Yanmar Co. v. Slater

Decision Date08 March 2012
Docket NumberNo. 11–370.,11–370.
PartiesYANMAR CO., LTD., d/b/a Yanmar Diesel Engine Company, Ltd., and Yanmar America Corporation, Appellants v. Wanda H. SLATER, Appellee.
CourtArkansas Supreme Court

OPINION TEXT STARTS HERE

Steven W. Quattlebaum, Emmett Bowers Chiles, Jennifer Wethington Merritt and Patrick James Goss, Little Rock, for appellant.

James M. Simpson, Jr., Martin A. Kasten, Jamie Huffman Jones and Phillip M. Brick, Little Rock, for appellee.

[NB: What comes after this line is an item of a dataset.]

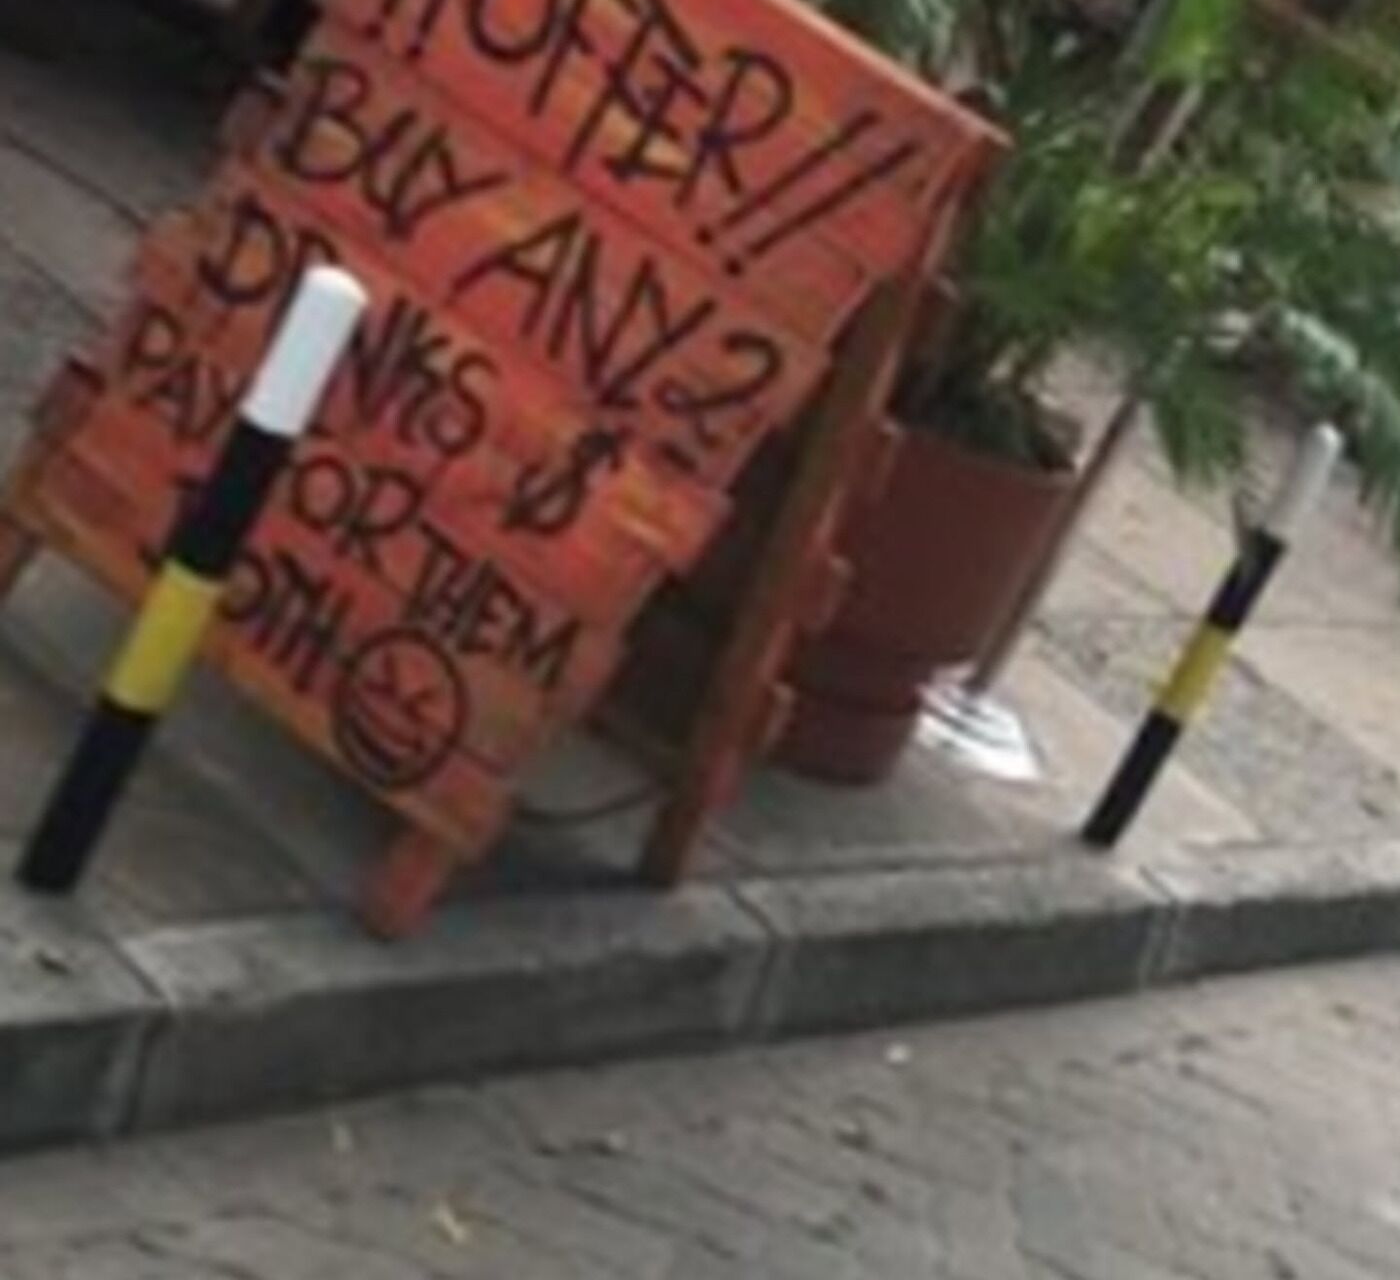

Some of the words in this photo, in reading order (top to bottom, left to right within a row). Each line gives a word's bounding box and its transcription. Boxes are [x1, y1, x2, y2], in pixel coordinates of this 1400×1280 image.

DONALD L. CORBIN, Justice.

Appellants Yanmar Co., Ltd., d/b/a Yanmar Diesel Engine Co., Ltd. (Yanmar Japan), and Yanmar America Corporation appeal the order of the Jefferson County Circuit Court awarding $2.5 million to Appellee Wanda H. Slater. On appeal, Yanmar Japan argues at the outset that the order should be reversed and dismissed where the circuit court lacked personal jurisdiction over Yanmar Japan and where substantial evidence did not support the jury determination that it manufactured an unreasonably defective or dangerous tractor or that its failure to install a rollover-protection system (ROPS) caused the death of Rudolph Slater, Appellee's husband. Yanmar Japan also argues that the circuit court erred in allowing the jury to consider that it had a post-sale duty to warn of the absence of a ROPS or to retrofit the tractor. Yanmar America arguesthat there was not substantial evidence to support the jury's finding that it was negligent, as it had nothing to do with the manufacture or sale of the tractor and never supplied parts for the tractor. Additionally, both Appellants argue that the circuit court erred with regard to certain evidentiary rulings. This case was certified to this court because it involves an issue of first impression and an issue requiring clarification or development of the law; hence, our jurisdiction is pursuant to Arkansas Supreme Court Rule 1–2(b)(1) and (5) (2011). Because the circuit court lacked personal jurisdiction over Yanmar Japan and because the jury's verdict as to Yanmar America is not supported by substantial evidence, we reverse and dismiss this case.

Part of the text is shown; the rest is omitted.